■ Task prompt ■
The entries that follow need to be printed exactly as they are, minus any pictures.

Material supplied: Begin

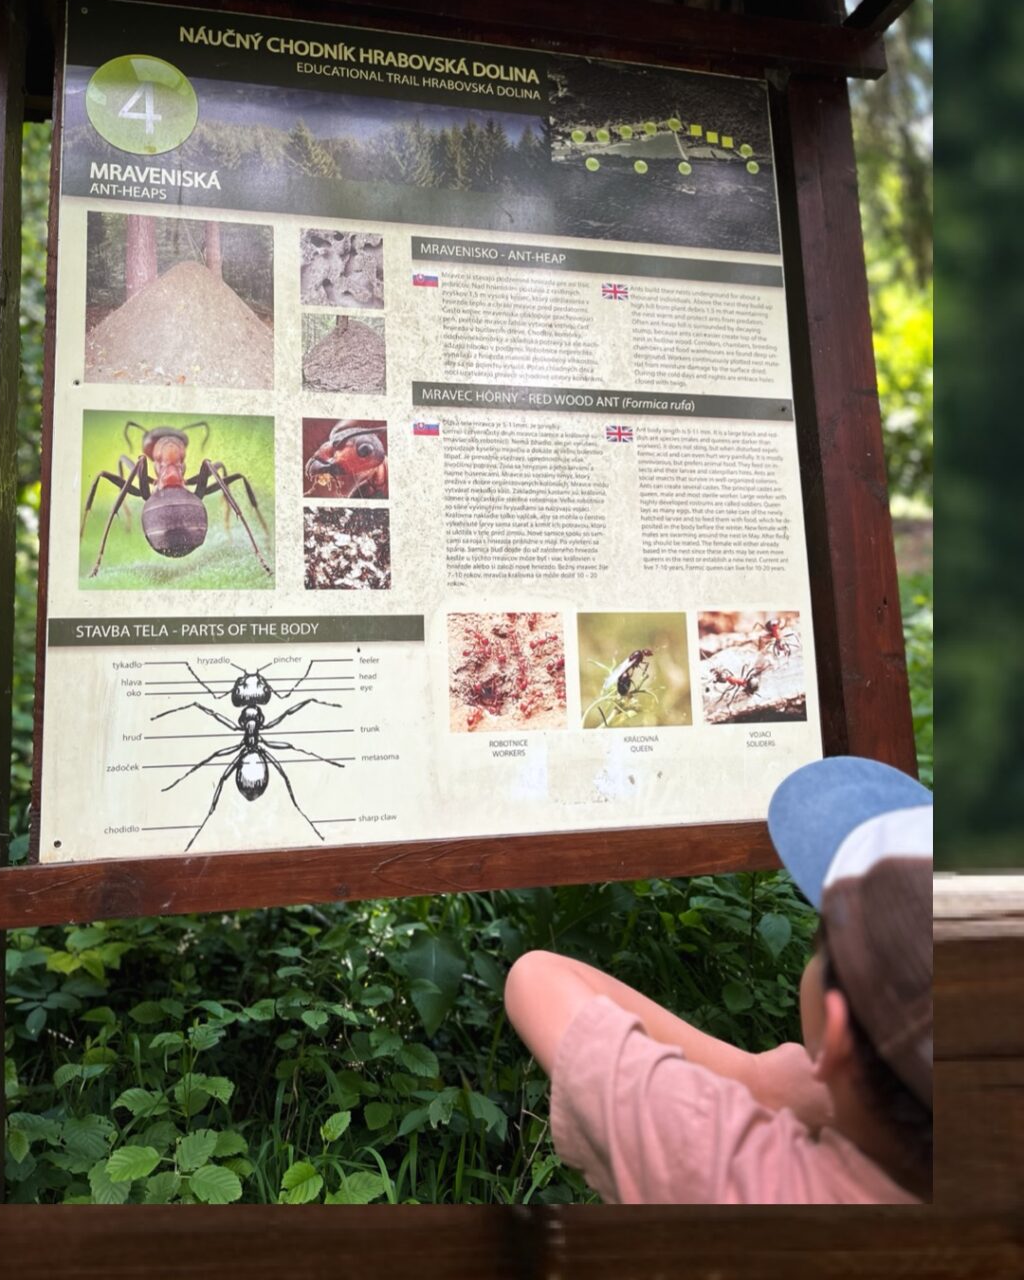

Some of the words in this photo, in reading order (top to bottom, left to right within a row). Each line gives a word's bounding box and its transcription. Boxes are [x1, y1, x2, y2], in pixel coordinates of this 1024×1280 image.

[179, 26, 263, 51] NÁUČNÝ
[266, 37, 356, 62] CHODNÍK
[360, 48, 469, 76] HRABOVSKÁ
[473, 62, 540, 84] DOLINA
[297, 62, 384, 82] EDUCATIONAL
[386, 73, 420, 87] TRAIL
[422, 77, 494, 95] HRABOVSKÁ
[497, 86, 541, 101] DOLINA
[118, 81, 162, 135] 4
[90, 162, 221, 190] MRAVENISKÁ
[90, 183, 167, 200] ANT-HEAPS
[421, 243, 498, 259] MRAVENISKO
[508, 252, 567, 264] ANT-HEAP
[422, 388, 473, 402] MRAVEC
[529, 393, 552, 405] RED
[554, 395, 593, 407] WOOD
[596, 397, 620, 408] ANT
[622, 397, 668, 410] (Formica
[670, 400, 695, 412] rufa)
[76, 624, 130, 638] STAVBA
[133, 624, 168, 637] TELA
[181, 624, 225, 637] PARTS
[228, 623, 248, 636] OF
[250, 623, 276, 635] THE
[280, 623, 319, 635] BODY
[196, 656, 230, 666] hryzadlo
[273, 655, 302, 665] pincher
[359, 656, 380, 665] feeler
[112, 661, 143, 671] tykadlo
[359, 672, 377, 681] head
[121, 678, 142, 687] hlava
[126, 689, 142, 697] oko
[360, 685, 373, 693] eye
[360, 725, 380, 733] trunk
[749, 731, 772, 739] VOJACI
[489, 739, 528, 748] ROBOTNICE
[492, 749, 526, 758] WORKERS
[630, 745, 654, 753] QUEEN
[361, 753, 400, 761] metasoma
[106, 763, 140, 772] zadoček
[358, 814, 378, 823] sharp
[380, 814, 397, 822] claw
[104, 825, 140, 834] chodidlo
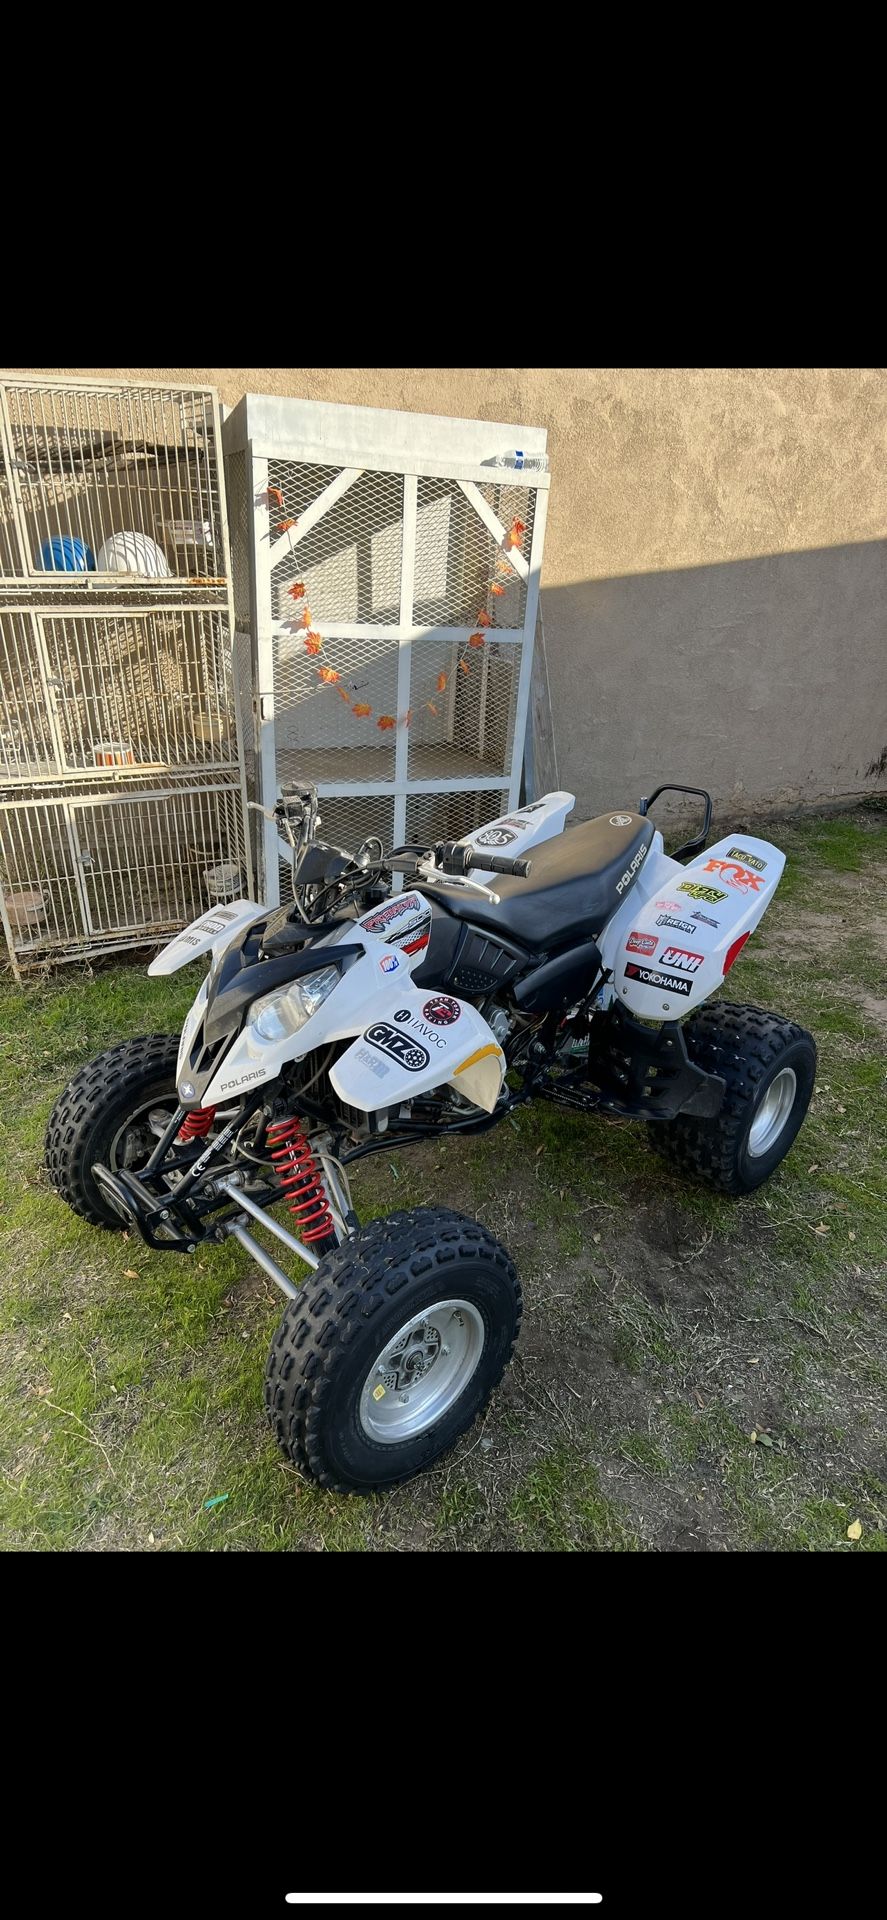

Material supplied: End

■ Reply ■
Some of the words in this photo, in reading order (top to bottom, left to right within a row). Each line gives a word's bounding box and its transcription. Boxes are [x1, y1, x2, y2], in pixel coordinates of this 1024×1280 image.

[179, 26, 263, 51] NÁUČNÝ
[266, 37, 356, 62] CHODNÍK
[360, 48, 469, 76] HRABOVSKÁ
[473, 62, 540, 84] DOLINA
[297, 62, 384, 82] EDUCATIONAL
[386, 73, 420, 87] TRAIL
[422, 77, 494, 95] HRABOVSKÁ
[497, 86, 541, 101] DOLINA
[118, 81, 162, 135] 4
[90, 162, 221, 190] MRAVENISKÁ
[90, 183, 167, 200] ANT-HEAPS
[421, 243, 498, 259] MRAVENISKO
[508, 252, 567, 264] ANT-HEAP
[422, 388, 473, 402] MRAVEC
[529, 393, 552, 405] RED
[554, 395, 593, 407] WOOD
[596, 397, 620, 408] ANT
[622, 397, 668, 410] (Formica
[670, 400, 695, 412] rufa)
[76, 624, 130, 638] STAVBA
[133, 624, 168, 637] TELA
[181, 624, 225, 637] PARTS
[228, 623, 248, 636] OF
[250, 623, 276, 635] THE
[280, 623, 319, 635] BODY
[196, 656, 230, 666] hryzadlo
[273, 655, 302, 665] pincher
[359, 656, 380, 665] feeler
[112, 661, 143, 671] tykadlo
[359, 672, 377, 681] head
[121, 678, 142, 687] hlava
[126, 689, 142, 697] oko
[360, 685, 373, 693] eye
[360, 725, 380, 733] trunk
[749, 731, 772, 739] VOJACI
[489, 739, 528, 748] ROBOTNICE
[492, 749, 526, 758] WORKERS
[630, 745, 654, 753] QUEEN
[361, 753, 400, 761] metasoma
[106, 763, 140, 772] zadoček
[358, 814, 378, 823] sharp
[380, 814, 397, 822] claw
[104, 825, 140, 834] chodidlo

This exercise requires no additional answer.